Business was a little erratic as the neighborhood continued to gentrify and new cafes began popping up around us, but even in the slowest stretches, we never lost our small core of regulars from the neighborhood. What became clear as the years dragged on was that most of our customers weren’t there for the coffee, or our custom-brewed signature IPA, or the bacon-egg-and-cheese sandwiches Haveen used to cook on a little hot plate behind the counter. They were there to see us. 

When Blind Barber Brooklyn closed its daytime operation in 2017 (it would shut down for good the following year), I got a job working at a soon-to-be esteemed restaurant in a major New York museum. The qualifications for front-of-house staff listed in the ad I’d answered included bullets like “well rounded” and “knowledge of music, art, fashion, literature, news, etc.” Though this seemed like ludicrous criteria for what was primarily a coffee job, I liked the idea of a bar packed with people smarter than me who might fill in gaps in my cultural education and help complete my transformation into an erudite New Yorker. 

That never materialized. On the cafe side of the restaurant, most of the people whose orders we took and whose drinks we made barely noticed us. When we did entertain guests who lingered at the bar, we performed our roles as learned New Yorkers to people who asked us questions like “where are you really from?” and “has anyone told you it’s illegal not to take cash?” But the dining room was gorgeous, the pastry case smelled like cardamon and cinnamon every morning, and the management took good care of us. Slowly, over shakshuka family meals, clandestine paper cups of Cava, and a meme account called versace_foreskin, my co-workers became my friends. 

I made espresso behind that marble bar on and off over the last three years, right up until a month ago, when the museum shuttered with practically no notice. 

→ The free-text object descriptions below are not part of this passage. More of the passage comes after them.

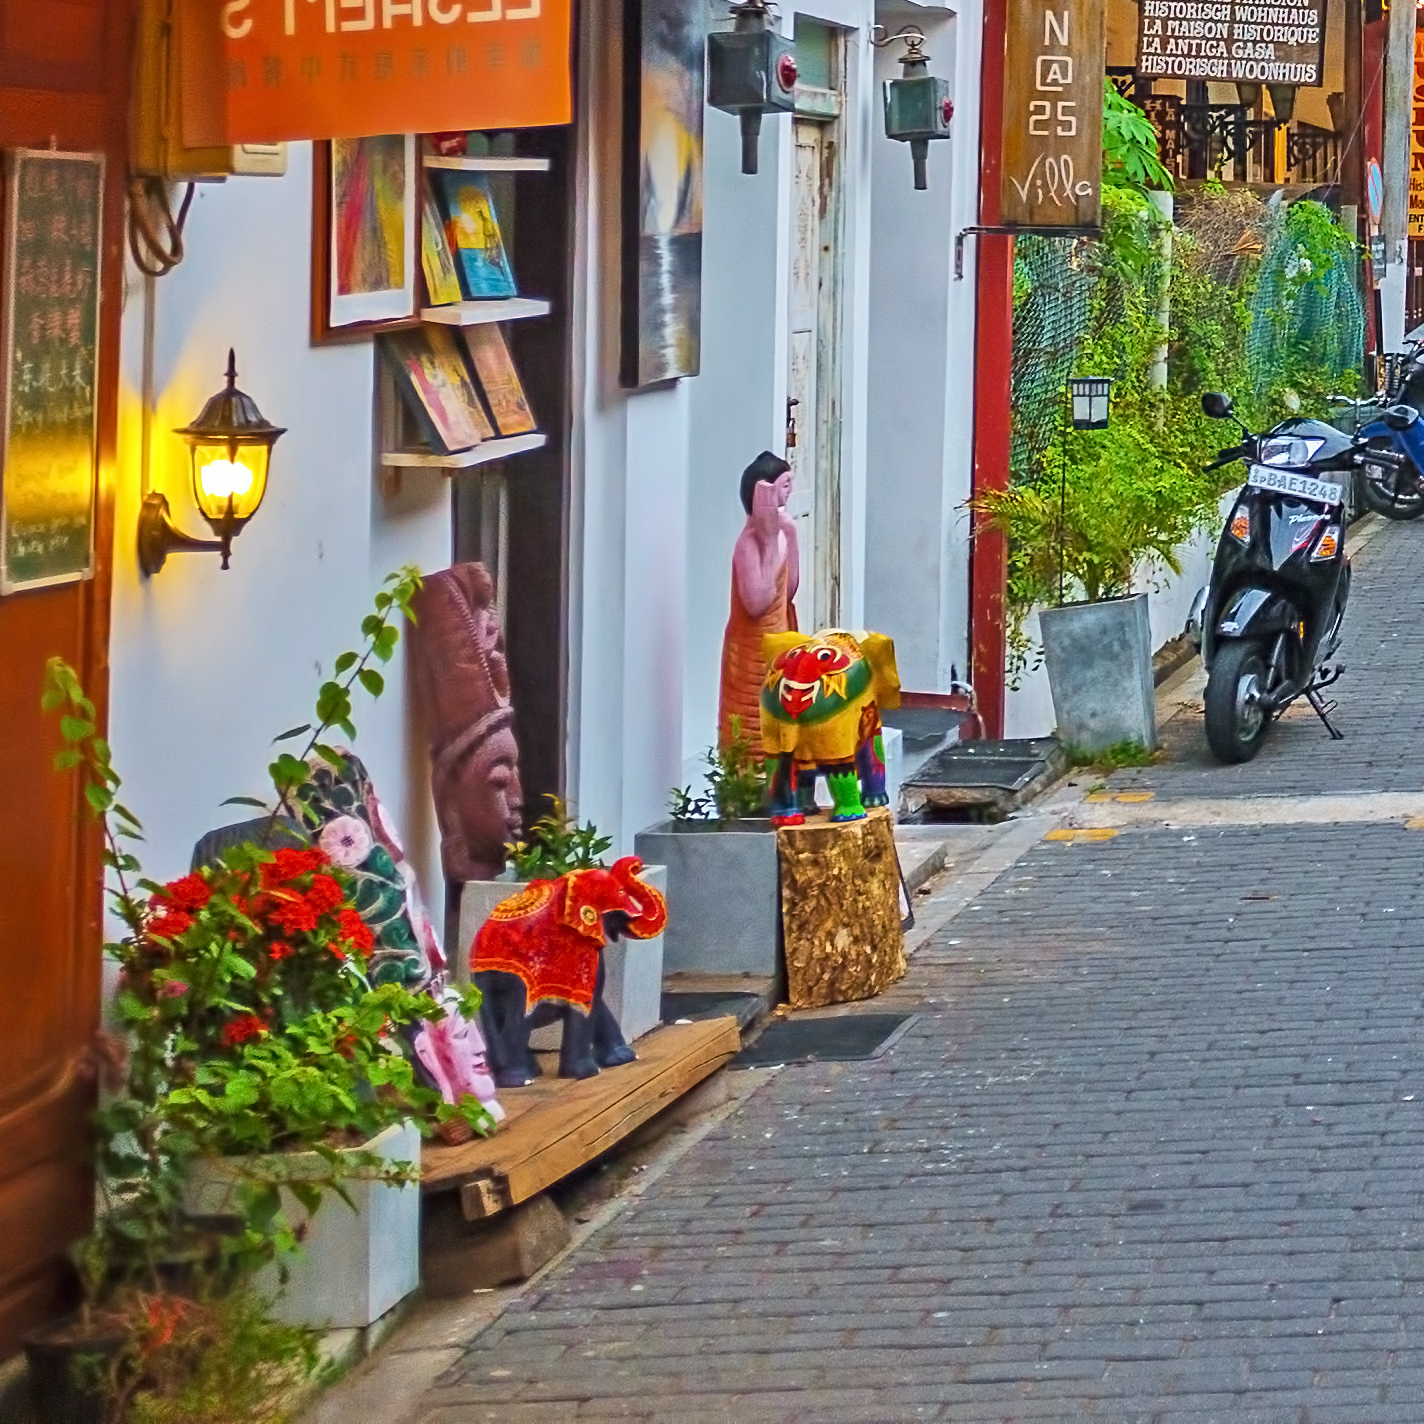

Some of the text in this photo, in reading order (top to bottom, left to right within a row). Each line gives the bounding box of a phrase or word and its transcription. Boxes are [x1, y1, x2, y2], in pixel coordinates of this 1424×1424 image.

[1234, 5, 1318, 25] WOHNHAUS
[1143, 19, 1320, 46] LA MAISON HISTORIQUE
[1231, 61, 1317, 83] WOONHUIS
[1029, 100, 1077, 136] 25
[1009, 153, 1092, 206] Villa
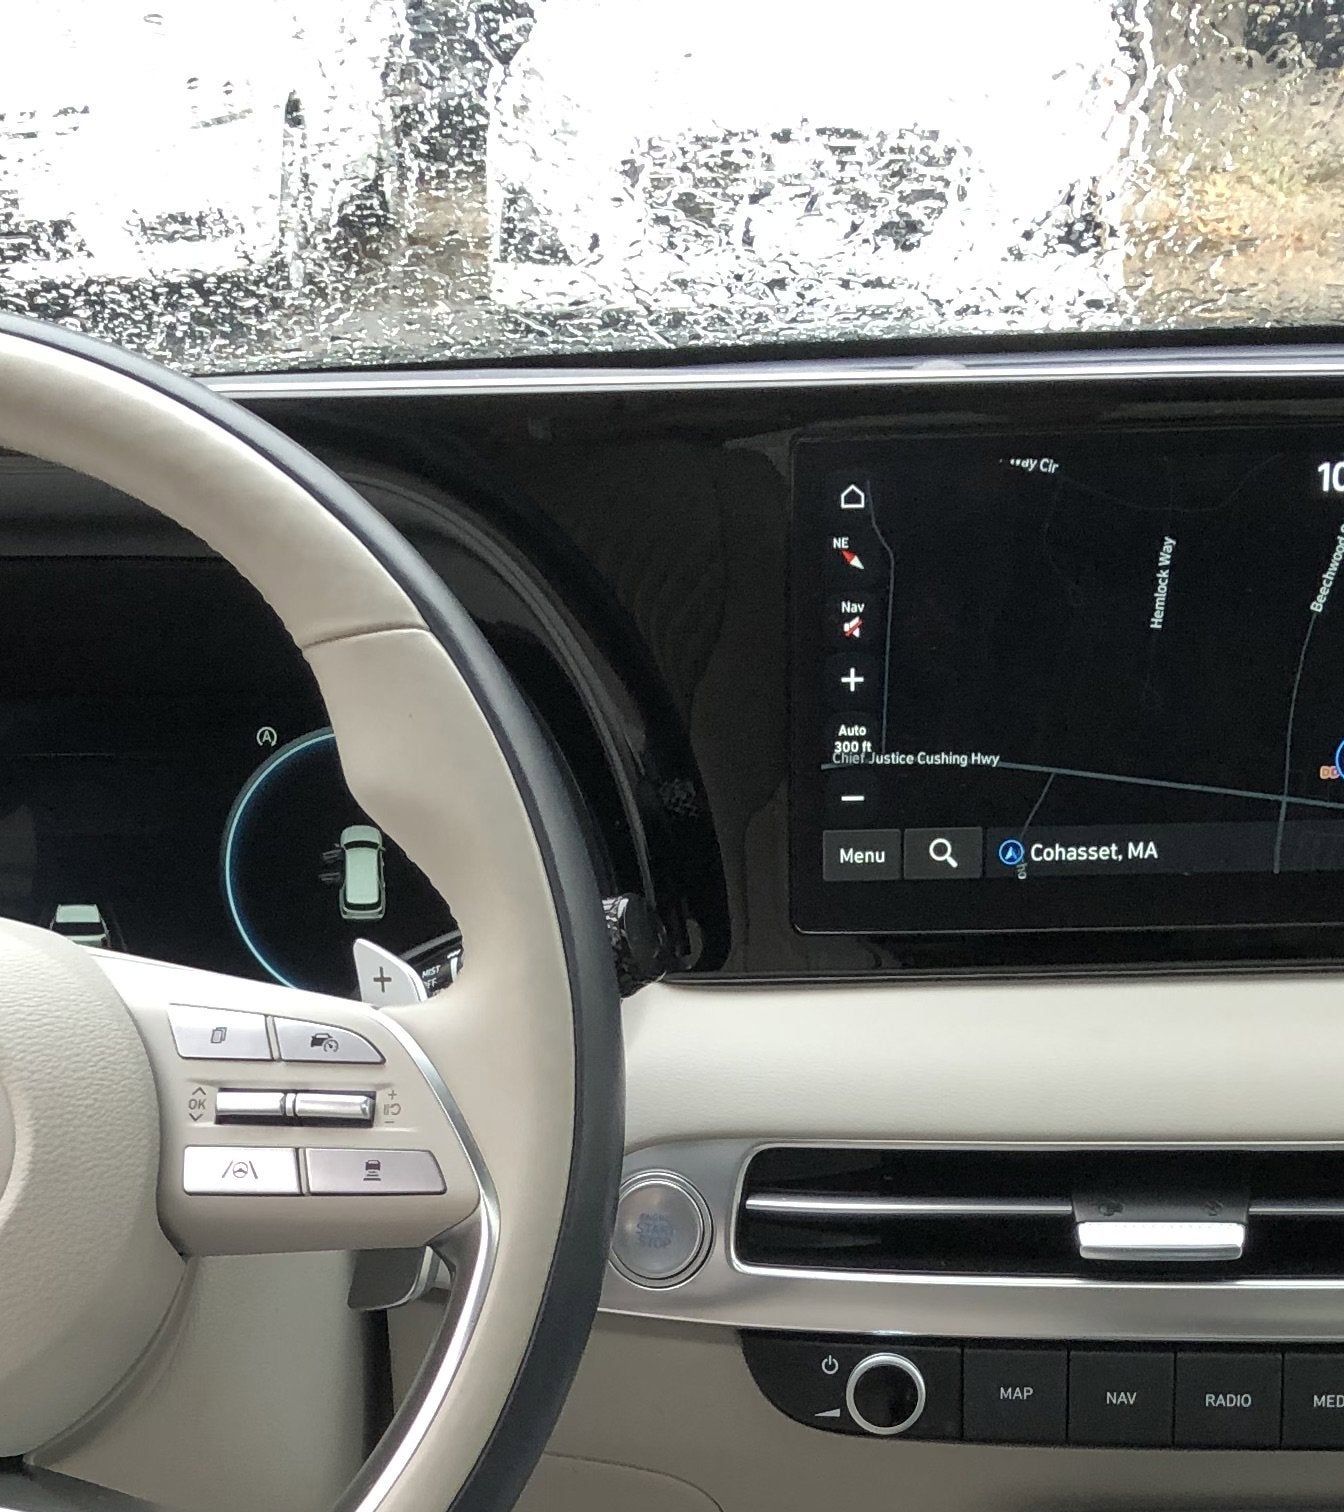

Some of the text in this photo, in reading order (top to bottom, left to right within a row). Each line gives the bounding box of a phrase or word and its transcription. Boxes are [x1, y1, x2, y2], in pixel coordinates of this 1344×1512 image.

[832, 537, 850, 549] NE
[1149, 535, 1176, 630] Hemlock Way
[840, 600, 865, 614] Nav
[838, 723, 867, 737] Auto
[834, 740, 872, 753] 300 ft
[832, 752, 1000, 767] Chief Justice Cushing Hwy
[839, 848, 885, 864] Menu
[1030, 842, 1158, 862] Cohasset, MA
[188, 1098, 207, 1111] OK
[999, 1386, 1034, 1401] MAP
[1105, 1391, 1137, 1406] NAV
[1205, 1393, 1252, 1408] RADIO

When I showed up for what would be my last shift, there were more employees on the floor than guests. I disinfected the entire bar while Jack told me about a short story he’d written at Oberlin, which he promised to send me. I made Tomi her last iced latte with oat milk, though I forgot to ask her to make her “botox face,” a flawless imitation of one of the Park Avenue queens whose forty-pound J.P. Morgan Reserve cards I swiped all day long when business was good. I texted Melissa an eerie picture of the empty bar where, one night after clocking out, she stole my pen and drew portrait of me on receipt paper (which she didn’t think was good enough to let me keep). I said a sad little goodbye to Erin, a fellow theatermaker who was once my only friend in the audience at one of the scariest performances of my life. She gave me a hug. It was the last meaningful physical contact I’d get before going into quarantine.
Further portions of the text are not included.